— AVAILABLE RECORDS —
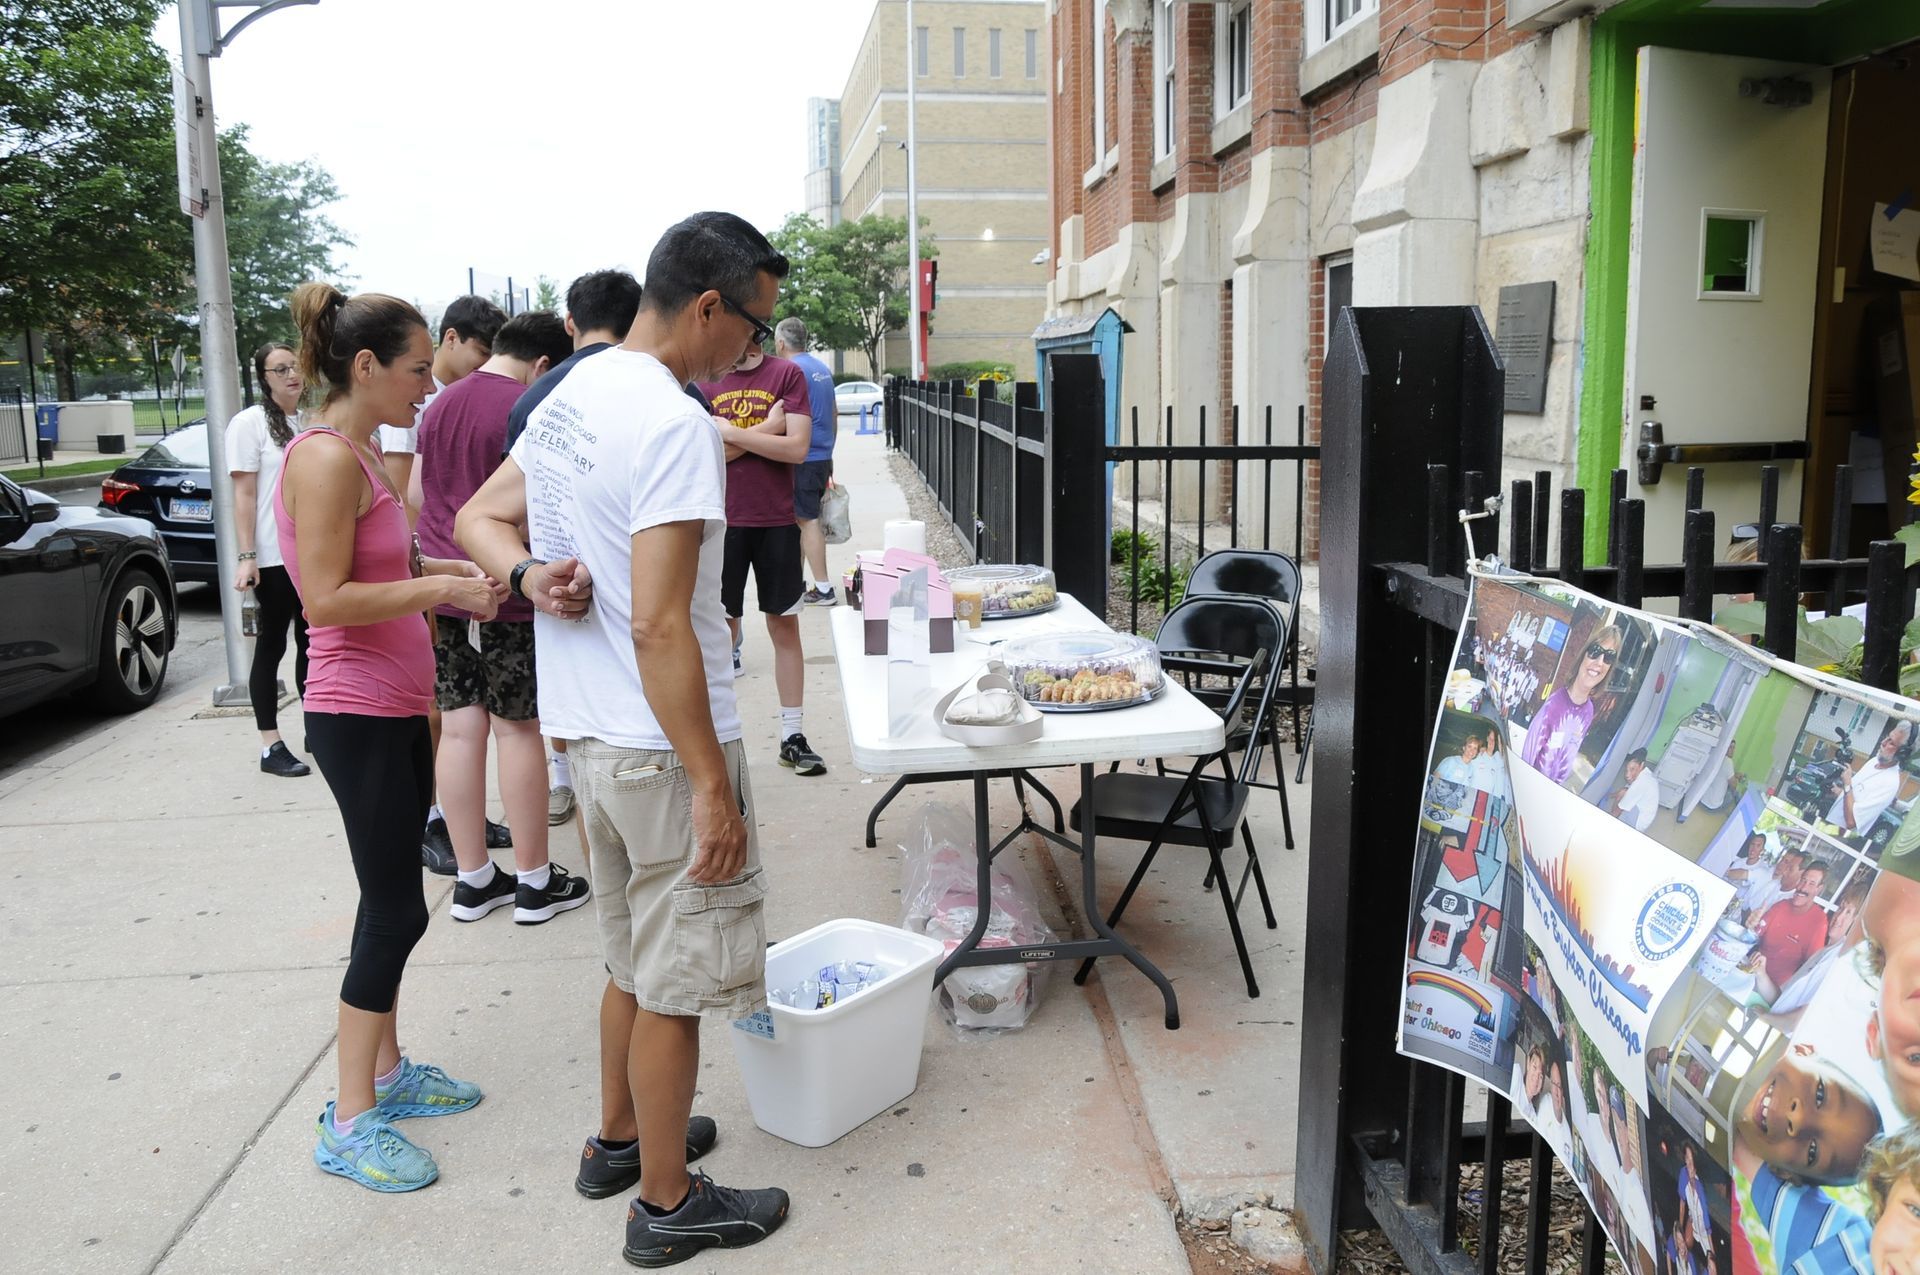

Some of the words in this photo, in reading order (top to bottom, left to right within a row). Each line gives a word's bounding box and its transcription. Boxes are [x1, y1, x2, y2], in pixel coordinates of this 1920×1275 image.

[1654, 909, 1677, 927] PAINT
[1658, 900, 1689, 924] CHICAGO
[1426, 1007, 1433, 1016] a
[1421, 1016, 1462, 1040] Chicago
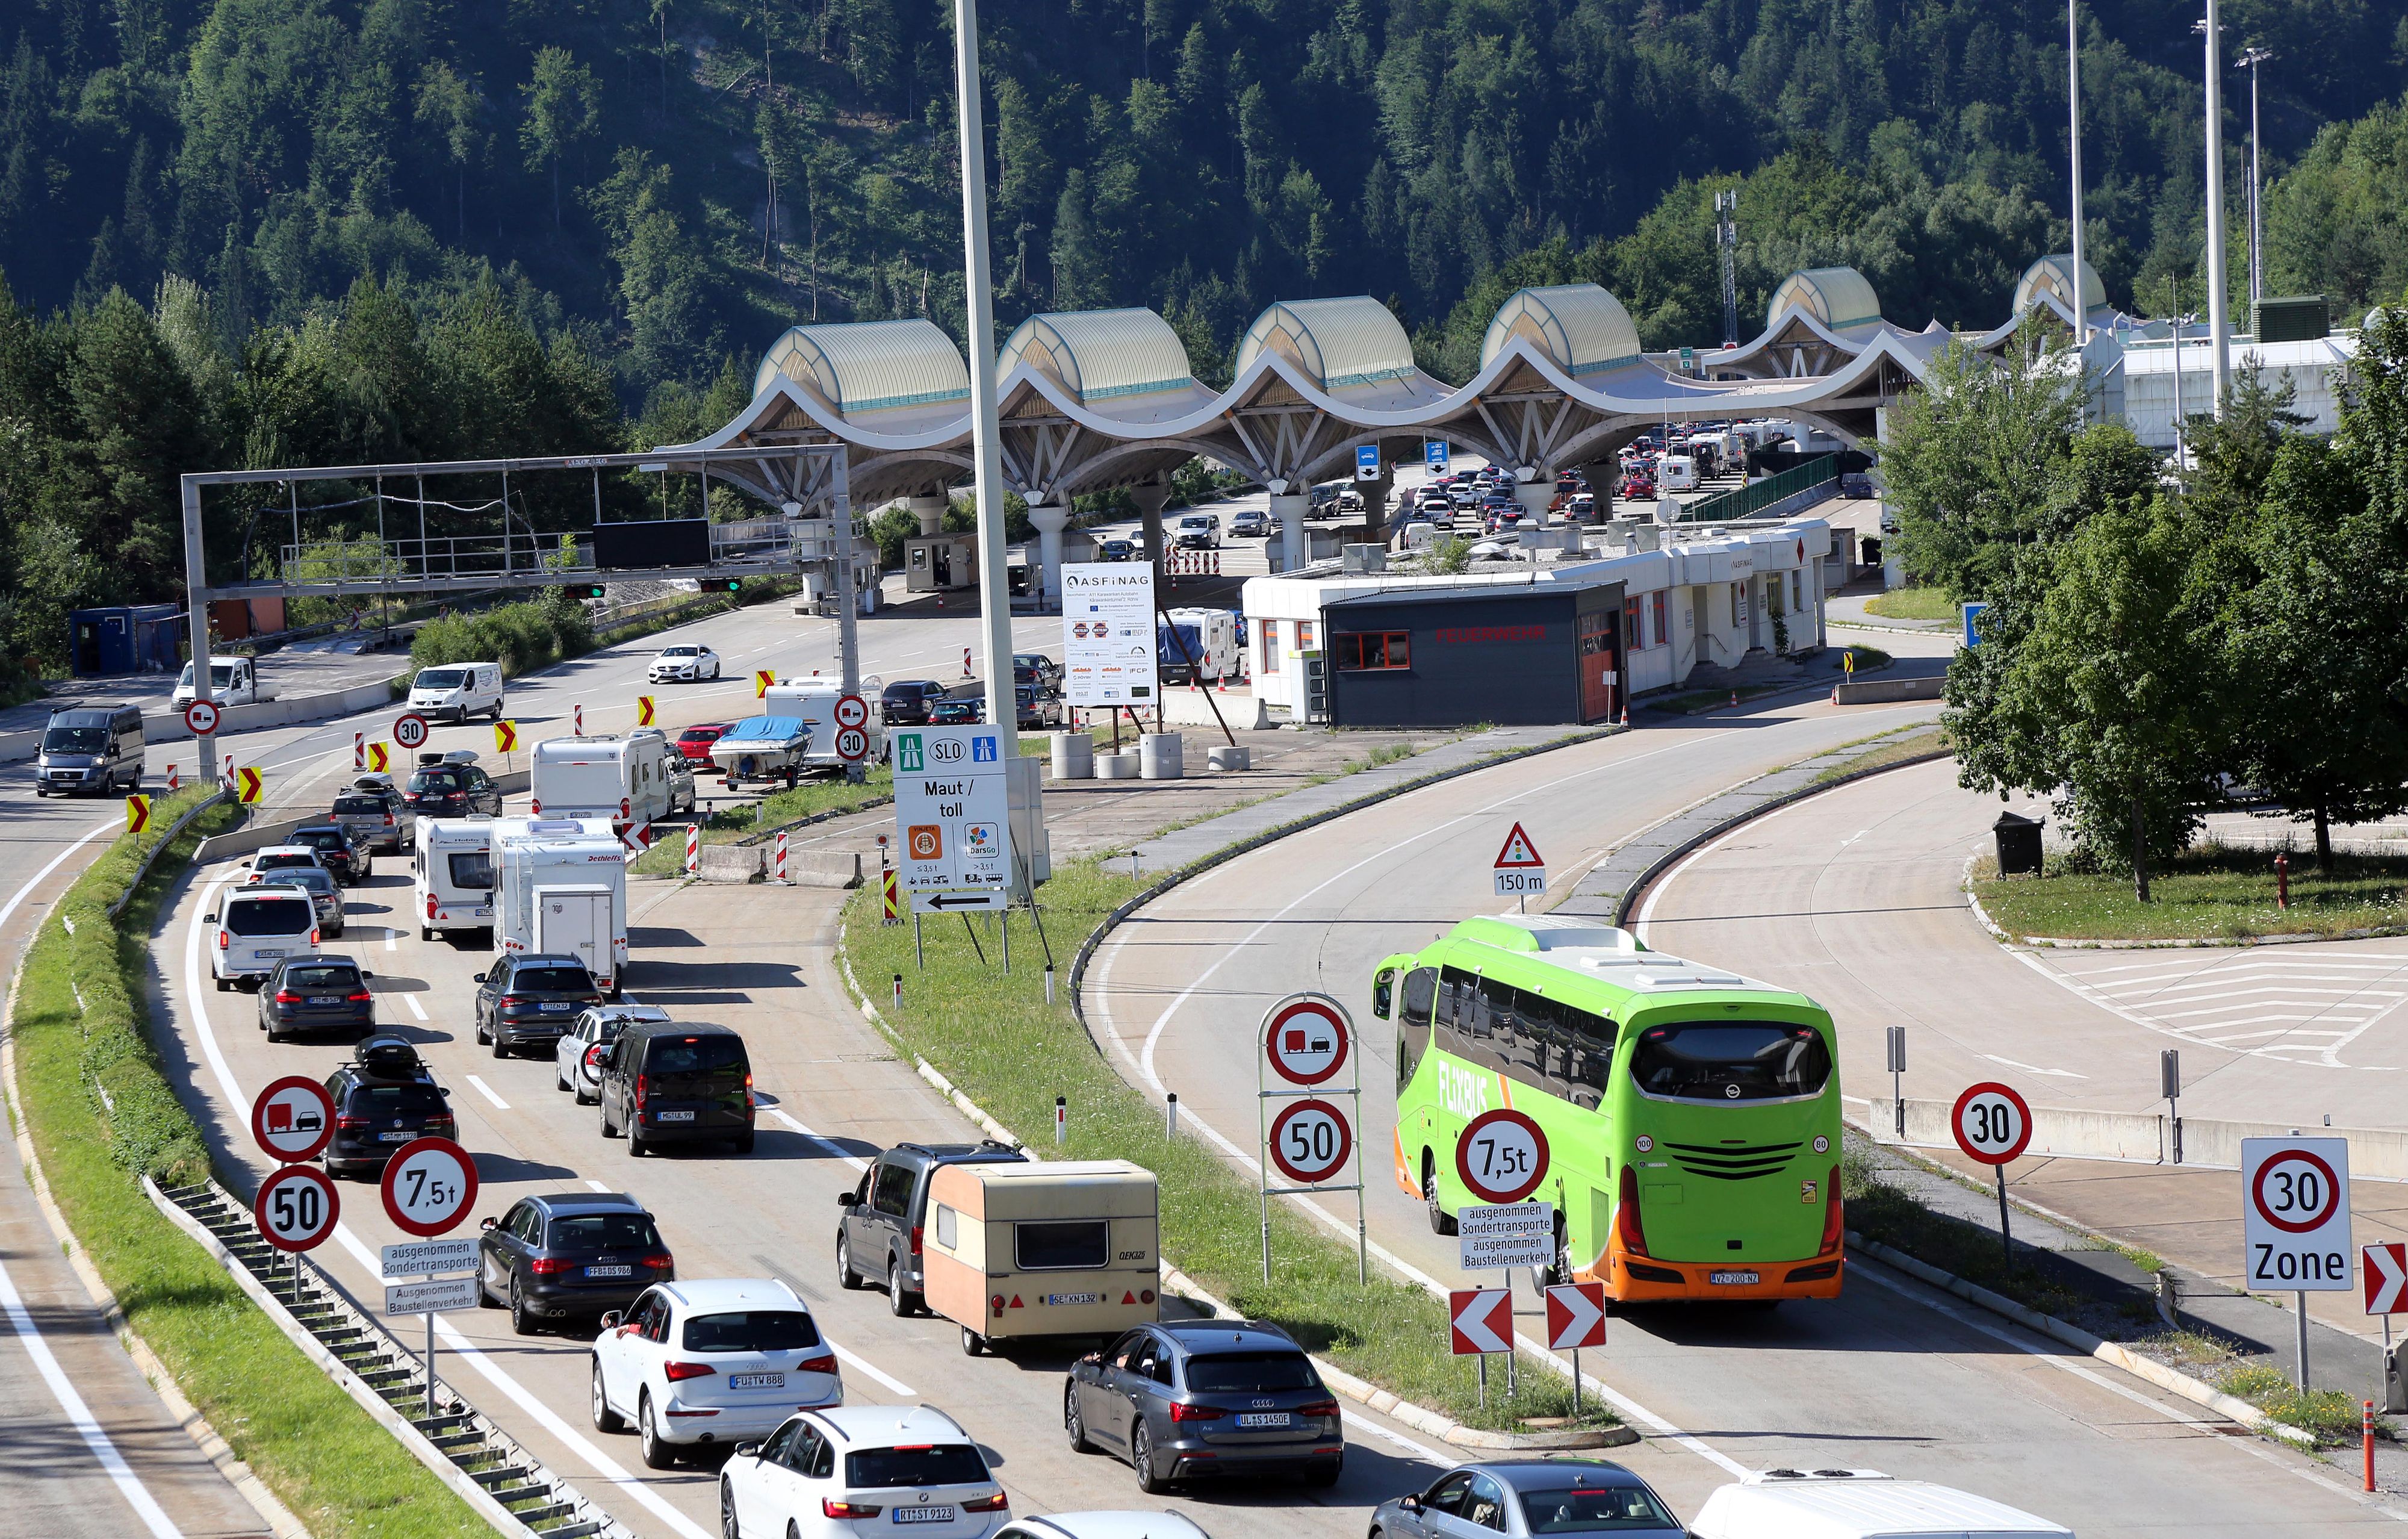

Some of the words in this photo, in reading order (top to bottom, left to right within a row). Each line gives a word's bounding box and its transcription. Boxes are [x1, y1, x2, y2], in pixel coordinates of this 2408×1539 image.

[1436, 626, 1546, 643] FEUERWEHR
[402, 723, 418, 740] 30
[843, 735, 860, 751] 30
[936, 742, 960, 760] SLO
[925, 781, 963, 796] Maut
[967, 779, 974, 797] /
[940, 802, 963, 817] toll
[1498, 874, 1524, 890] 150
[1529, 877, 1542, 889] m
[552, 904, 562, 913] 100
[1971, 1103, 2009, 1143] 30
[1291, 1122, 1333, 1161] 50
[2274, 1172, 2318, 1212] 30
[275, 1186, 319, 1232] 50
[1469, 1206, 1542, 1220] ausgenommen
[1462, 1219, 1550, 1234] Sondertransporte
[392, 1242, 469, 1260] ausgenommen
[1473, 1238, 1542, 1253] ausgenommen
[383, 1256, 479, 1274] Sondertransporte
[1465, 1251, 1551, 1266] Baustellenverkehr
[2255, 1243, 2344, 1280] Zone
[396, 1283, 465, 1299] Ausgenommen
[389, 1296, 473, 1313] Baustellenverkehr
[1054, 1295, 1064, 1304] SE
[1069, 1295, 1079, 1303] KN
[1081, 1295, 1095, 1303] 132
[753, 1376, 764, 1385] TW
[766, 1375, 782, 1384] 888
[1241, 1416, 1252, 1425] UL
[1258, 1415, 1262, 1425] S
[1264, 1414, 1288, 1424] 1450E
[901, 1509, 911, 1520] RT
[918, 1509, 928, 1519] ST
[931, 1508, 952, 1519] 9123
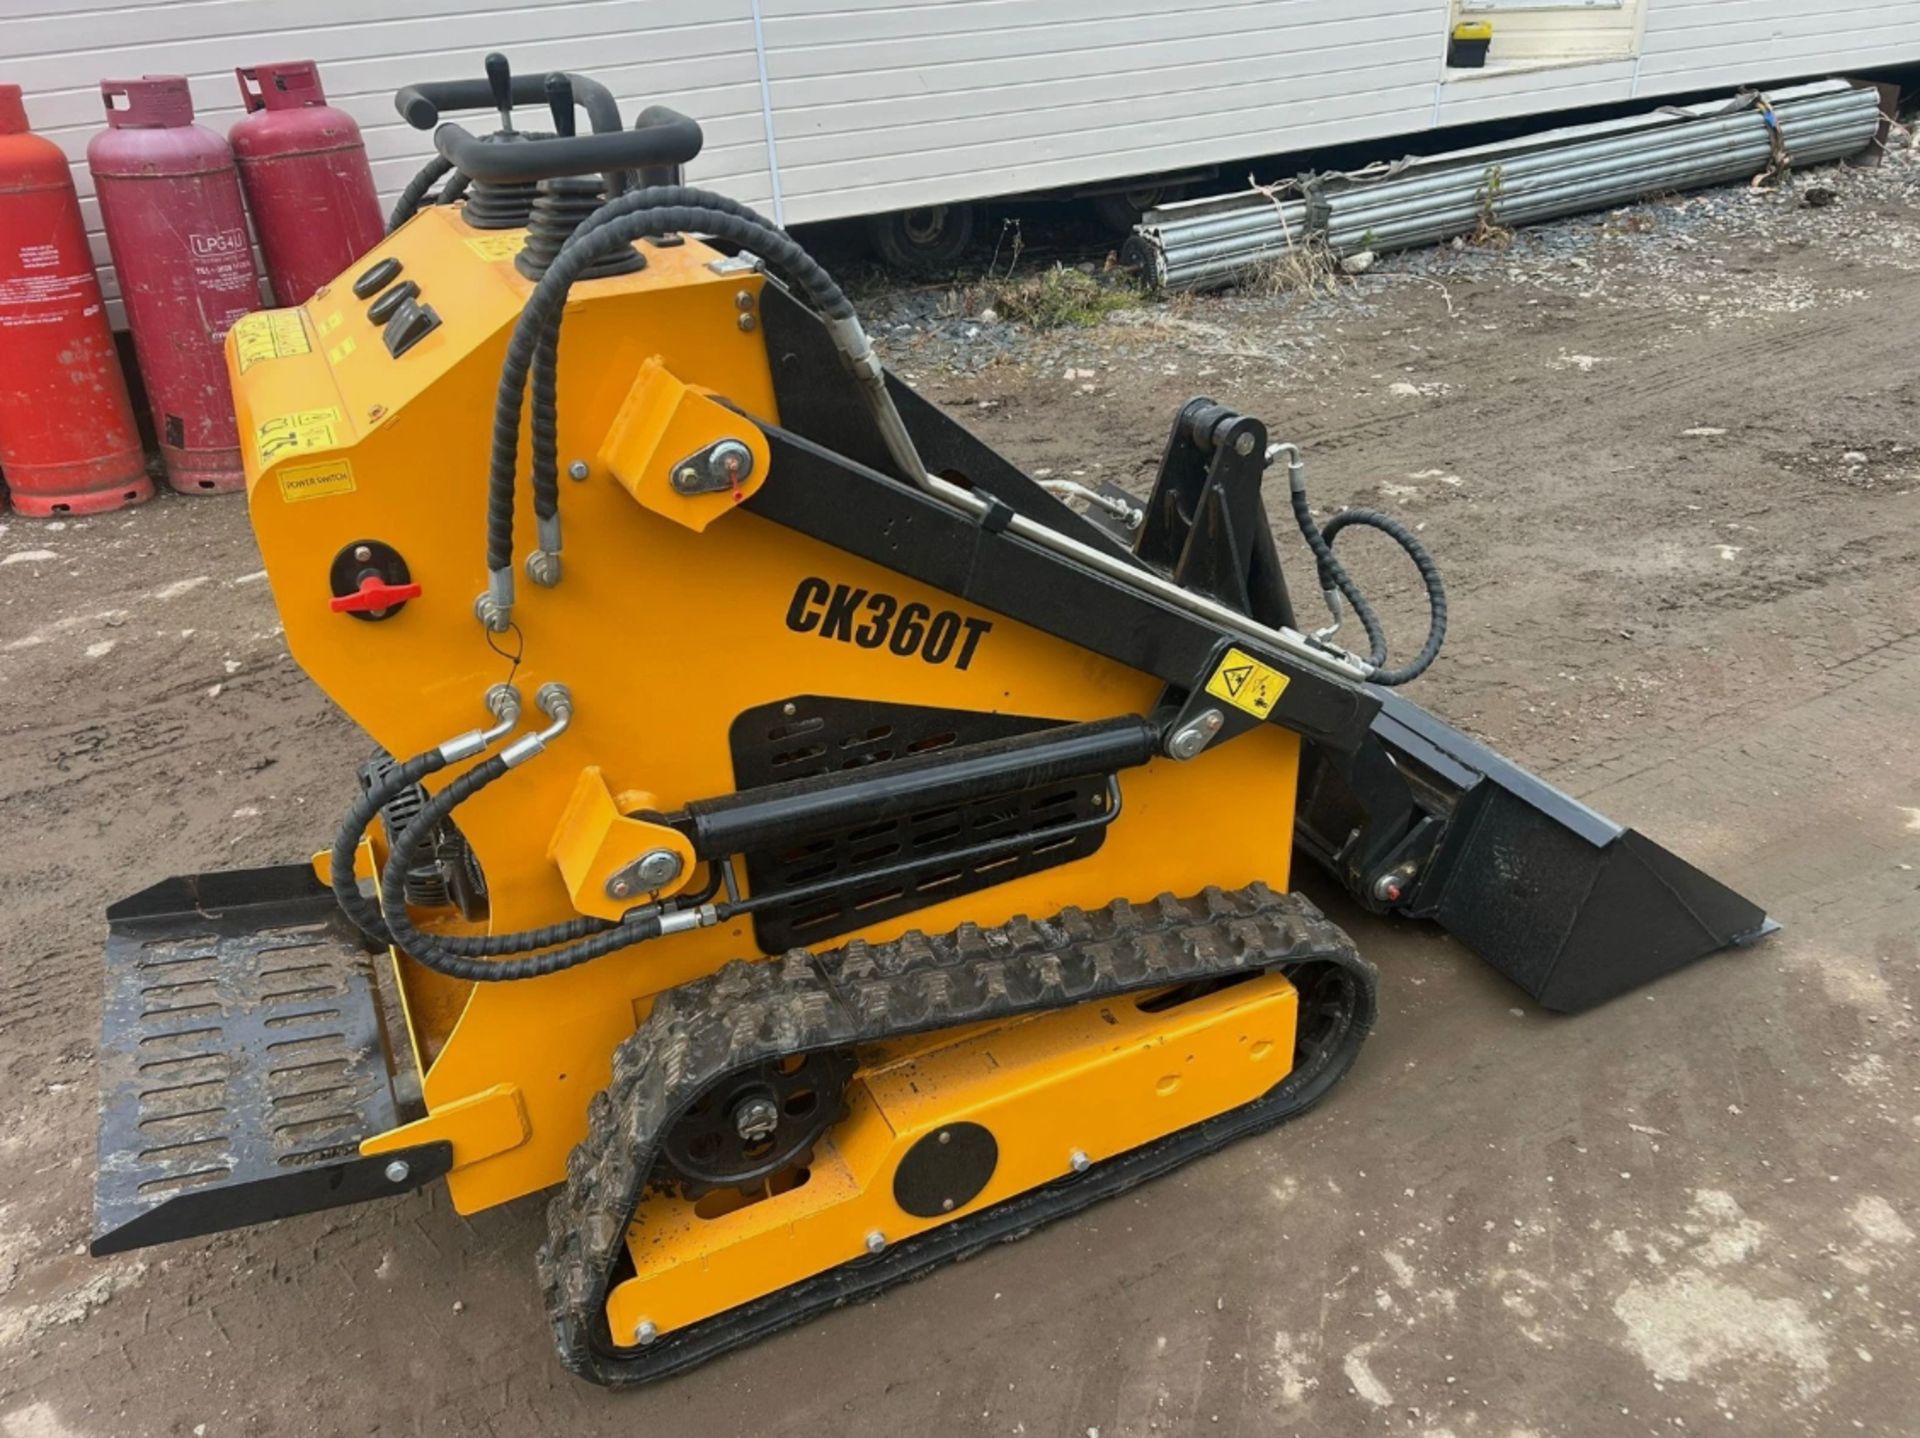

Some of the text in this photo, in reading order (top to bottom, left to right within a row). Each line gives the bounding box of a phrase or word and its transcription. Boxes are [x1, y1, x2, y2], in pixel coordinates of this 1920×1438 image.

[196, 232, 243, 253] LPG4U
[287, 472, 348, 490] POWER SWITCH
[785, 576, 993, 671] CK360T

— WHAT IS NEEDED —
Send back every line above exactly, skipping all pictures.

— EXERCISE RESULT —
Some of the words in this photo, in reading order (top to bottom, left to right within a row). Each line gives a word's bounding box and its transcription. Boxes are [x1, y1, x2, y2], in pixel coordinates of this 1920×1275 image.

[1654, 909, 1677, 927] PAINT
[1658, 900, 1689, 924] CHICAGO
[1426, 1007, 1433, 1016] a
[1421, 1016, 1462, 1040] Chicago

Some of the words in this photo, in reading order (top to bottom, left to right within a row). Each line gives a word's bounding box and its transcription. Boxes are [x1, y1, x2, y2], in pixel coordinates of this 2408×1539 image.

[1436, 626, 1546, 643] FEUERWEHR
[402, 723, 418, 740] 30
[843, 735, 860, 751] 30
[936, 742, 960, 760] SLO
[925, 781, 963, 796] Maut
[967, 779, 974, 797] /
[940, 802, 963, 817] toll
[1498, 874, 1524, 890] 150
[1529, 877, 1542, 889] m
[552, 904, 562, 913] 100
[1971, 1103, 2009, 1143] 30
[1291, 1122, 1333, 1161] 50
[2274, 1172, 2318, 1212] 30
[275, 1186, 319, 1232] 50
[1469, 1206, 1542, 1220] ausgenommen
[1462, 1219, 1550, 1234] Sondertransporte
[392, 1242, 469, 1260] ausgenommen
[1473, 1238, 1542, 1253] ausgenommen
[383, 1256, 479, 1274] Sondertransporte
[1465, 1251, 1551, 1266] Baustellenverkehr
[2255, 1243, 2344, 1280] Zone
[396, 1283, 465, 1299] Ausgenommen
[389, 1296, 473, 1313] Baustellenverkehr
[1054, 1295, 1064, 1304] SE
[1069, 1295, 1079, 1303] KN
[1081, 1295, 1095, 1303] 132
[753, 1376, 764, 1385] TW
[766, 1375, 782, 1384] 888
[1241, 1416, 1252, 1425] UL
[1258, 1415, 1262, 1425] S
[1264, 1414, 1288, 1424] 1450E
[901, 1509, 911, 1520] RT
[918, 1509, 928, 1519] ST
[931, 1508, 952, 1519] 9123

Some of the text in this photo, in reading order (top to bottom, left to right within a row). Each line gives the bounding box of a phrase or word and its transcription. Boxes are [x1, y1, x2, y2], in pixel coordinates of this 1920×1438 image.

[196, 232, 243, 253] LPG4U
[287, 472, 348, 490] POWER SWITCH
[785, 576, 993, 671] CK360T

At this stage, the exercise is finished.